Several empirical surveys carried out still do not give clear guidelines or ways of evaluating the quality of process models but it is necessary to have a clear set of guidelines to guide modelers in this task. Pragmatic guidelines have been proposed by different practitioners even though it is difficult to provide an exhaustive account of such guidelines from practice. The tips for process modeling are summarized by Hommes and Reijswoud in 'Assessing the Quality of Business Process Modeling Techniques', while many technical definitions and rules are provided, it does not teach how to create process models that are effective in their primary mission - maximizing shared understanding of the as-is or to-be process. Most of the guidelines are not easily put into practice but the "label activities verb–noun" rule has been suggested by other practitioners before and analyzed empirically. From the research. value of process models is not only dependent on the choice of graphical constructs but also on their annotation with textual labels which need to be analyzed. It was found that it results in better models in terms of understanding than alternative labeling styles.
From the earlier research and ways to evaluate process model quality, it has been seen that the process model's size, structure, the expertise of the modeler, and modularity affect its overall comprehensibility. Based on these a set of guidelines was presented - 7 Process Modeling Guidelines (7PMG).
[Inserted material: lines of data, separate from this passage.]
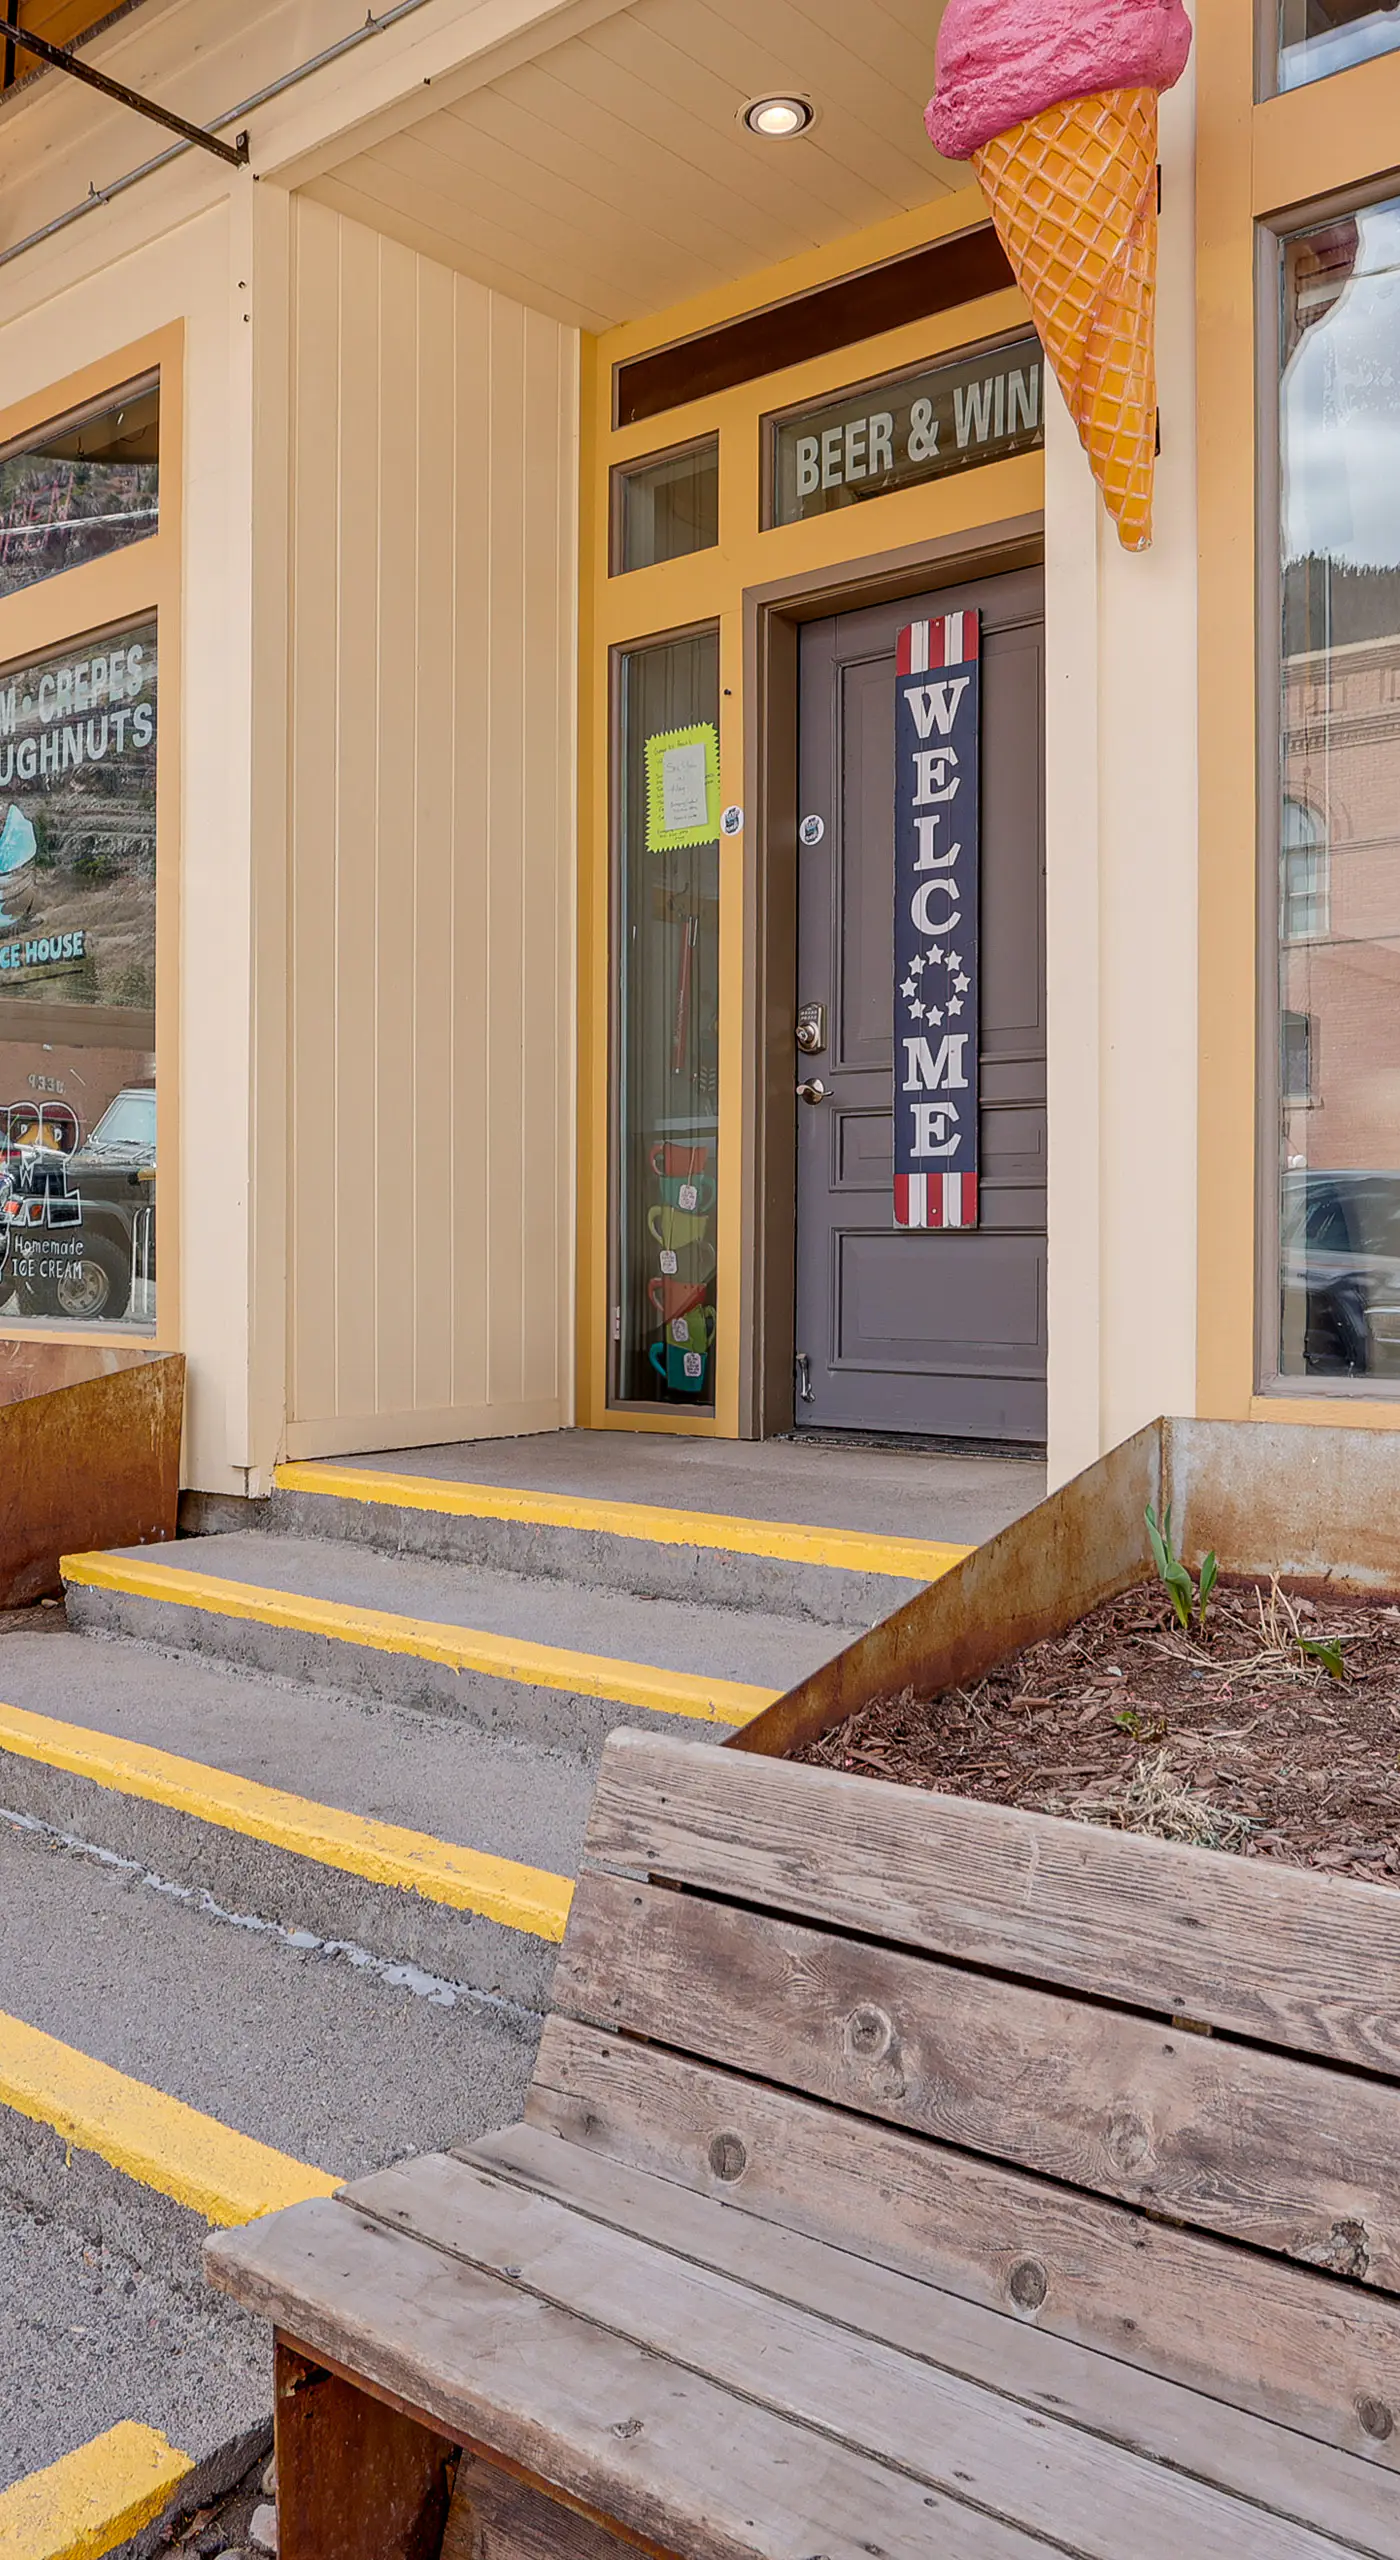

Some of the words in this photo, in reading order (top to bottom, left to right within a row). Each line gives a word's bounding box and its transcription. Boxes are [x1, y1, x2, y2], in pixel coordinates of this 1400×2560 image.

[796, 411, 894, 497] BEER
[907, 398, 940, 462] &
[953, 363, 1044, 449] WIN
[38, 644, 144, 723] CREPES
[900, 675, 971, 1158] WELCOME
[25, 930, 84, 964] HOUSE
[12, 1258, 35, 1277] ICE
[40, 1260, 82, 1280] CREAM
[15, 1236, 84, 1256] Homemade
This guideline uses the verb-object style, as well as guidelines on the number of elements in a model, the application of structured modeling, and the decomposition of a process model. The guidelines are as follows:
- G1 Minimize the number of elements in a model
- G2 Minimize the routing paths per element
- G3 Use one start and one end event
- G4 Model as structured as possible
- G5 Avoid OR routing elements
- G6 Use verb-object activity labels
- G7 Decompose a model with more than 50 elements
7PMG still though has limitations with its use: Validity problem 7PMG does not relate to the content of a process model, but only to the way this content is organized and represented. It does suggest ways of organizing different structures of the process model while the content is kept intact but the pragmatic issue of what must be included in the model is still left out. The second limitation relates to the prioritizing guideline the derived ranking has a small empirical basis as it relies on the involvement of 21 process modelers only.
This could be seen on the one hand as a need for a wider involvement of process modelers' experience, but it also raises the question, what alternative approaches may be available to arrive at a prioritizing guideline?